Jean Paul Gaultier schuf den Flakon von La Belle – und der Flakon erschien. In der Gestalt eines weiblichen Torsos. Er war rot, in Rosa getaucht, und strahlte Tugend aus, samt lasziver Zügellosigkeit. Um den Hals schmiegten sich goldene Rosen zu einer Halskette, eine sittsame Hülle, die nur als Einladung dient, die verlockende Enthüllung zu vollziehen. Dann schuf Jean Paul Gaultier den Flakon von Le Beau – und der Flakon erschien. In der Form eines nackten Torsos. Er war grün und schimmerte. Ein goldenes Rebenblatt dort, wo der Blick verweilen mag. Jean Paul Gaultier sah die exquisiten Torsi und sprach: „Diese beiden wurden geschaffen, um uns in Versuchung zu führen!“ - Und es geschah.
DIE UMVERPACKUNG 
ALLES - UND NICHTS

Jean Paul Gaultier schuf die Umverpackung von La Belle – und diese erschien im Garten. Sie war in lieblichstem Grün, fast mandelartig, und fügte sich perfekt in das Blattwerk dieses modernen Edens ein.

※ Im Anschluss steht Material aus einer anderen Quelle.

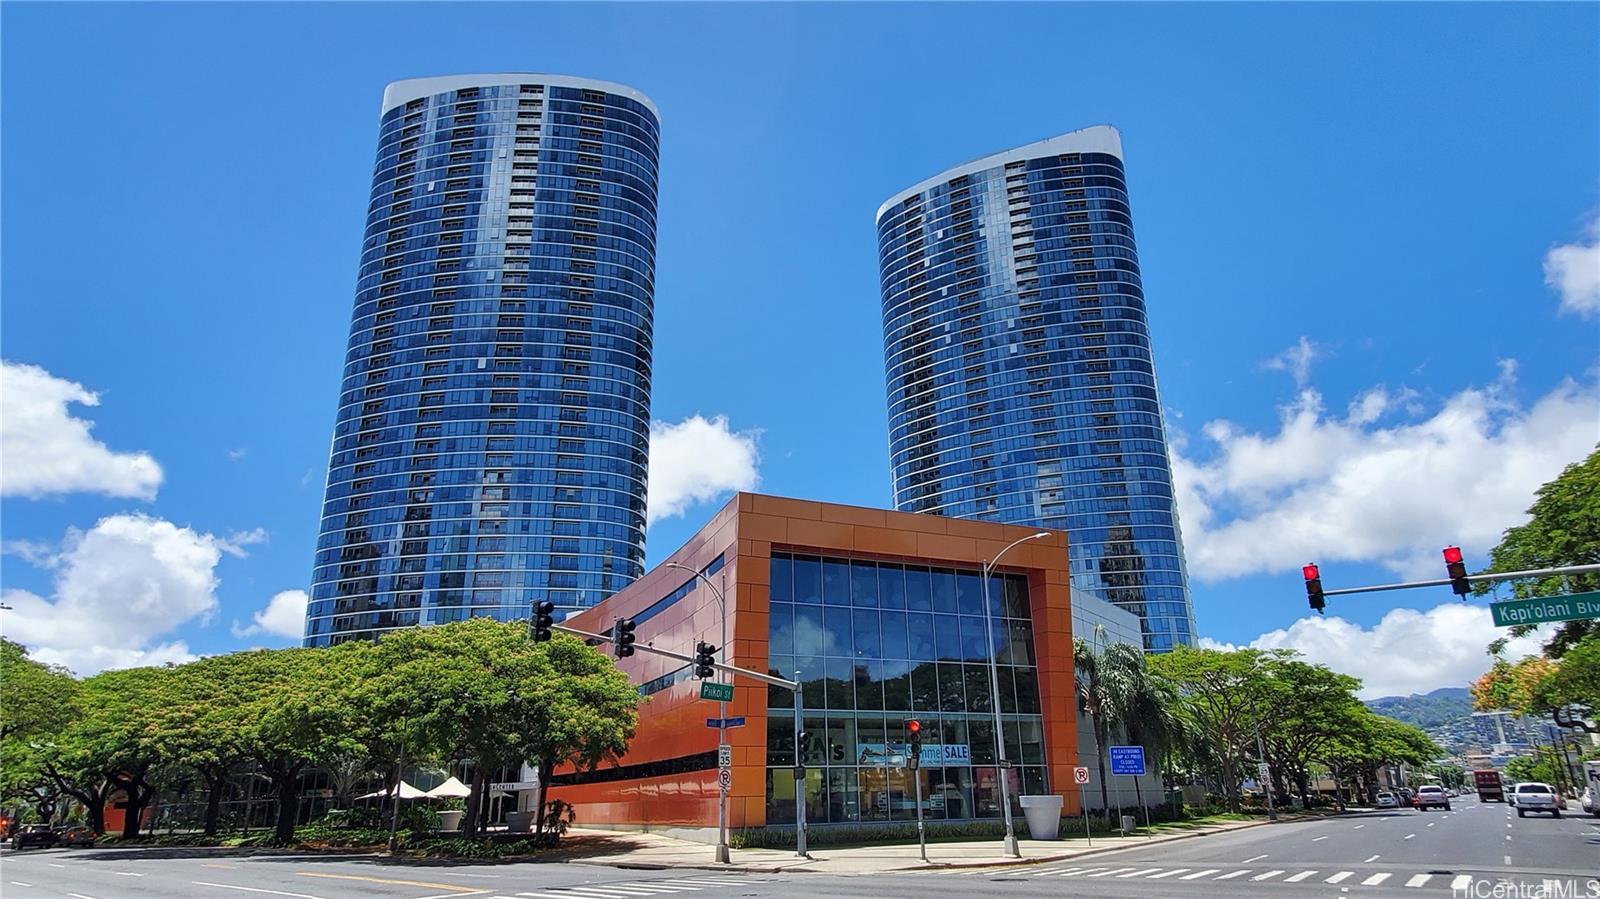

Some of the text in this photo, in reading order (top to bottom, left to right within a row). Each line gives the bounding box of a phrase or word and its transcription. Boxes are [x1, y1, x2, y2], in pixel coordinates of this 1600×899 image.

Die goldenen Letter leuchteten, und es war derart verlockend die Früchte zu berühren – und es war nicht einmal verboten! Jean Paul Gaultier schuf die Umverpackung von Le Beau – und diese erschien am Fuße eines Busches. Sie war smaragdgrün, so dunkel, eine Erinnerung an die Üppigkeit dieser Welt. Die goldenen Lettern schimmerten wie der Honig der ersten Versuchung. Jean Paul Gaultier sah die beiden provokanten, erotischen Verpackungen und sprach: „Die Gestaltung ist alles – und nichts!“ Und so war es.


DIE DÜFTE 
FÜR IMMER UND EWIG

Jean Paul Gaultier öffnete die Verpackung von La Belle, entnahm den Flakon und atmete tief den Duft des Parfums ein. Er roch orientalische Vanille, gleichsam so frisch, kühler Balsam für die Seele. Er roch Vetiver, getragen vom wundersamen Duft einer Frucht, der Birne. Jean Paul Gaultier öffnete die Verpackung von Le Beau, schloss die Augen und atmete ein - bitte keine Zurückhaltung. Der Duft des Kokosnussholzes lud zu tiefer Entspannung ein, Bergamotte und Tonkabohne flüsterten ihm zu, dass Faulenzen die erfrischendste aller Sünden sei. Jean Paul Gaultier atmete beide Düfte zusammen ein und sprach: „Sie passen gut zueinander. Für immer und ewig.“ Und so war seine Welt geschaffen.



PARFUMEURE  
BETÖRT VOM NEUEN LAND

Quentin Bisch und Sonia Constant teleportierten sich in Gaultiers Garten. Wie es so ihre Art ist, gingen sie ganz in dieser speziellen, wohltuenden und exotischen Welt auf. Diese beiden, die die Welt voller Entdeckungslust erkunden und so gut kennen, kehrten zurück, betört vom Neuen Land, und ließen La Belle und Le Beau einen besonderen Platz in ihrem Herzen. Denn wie wir wissen, ist das Herz der Nase niemals fern.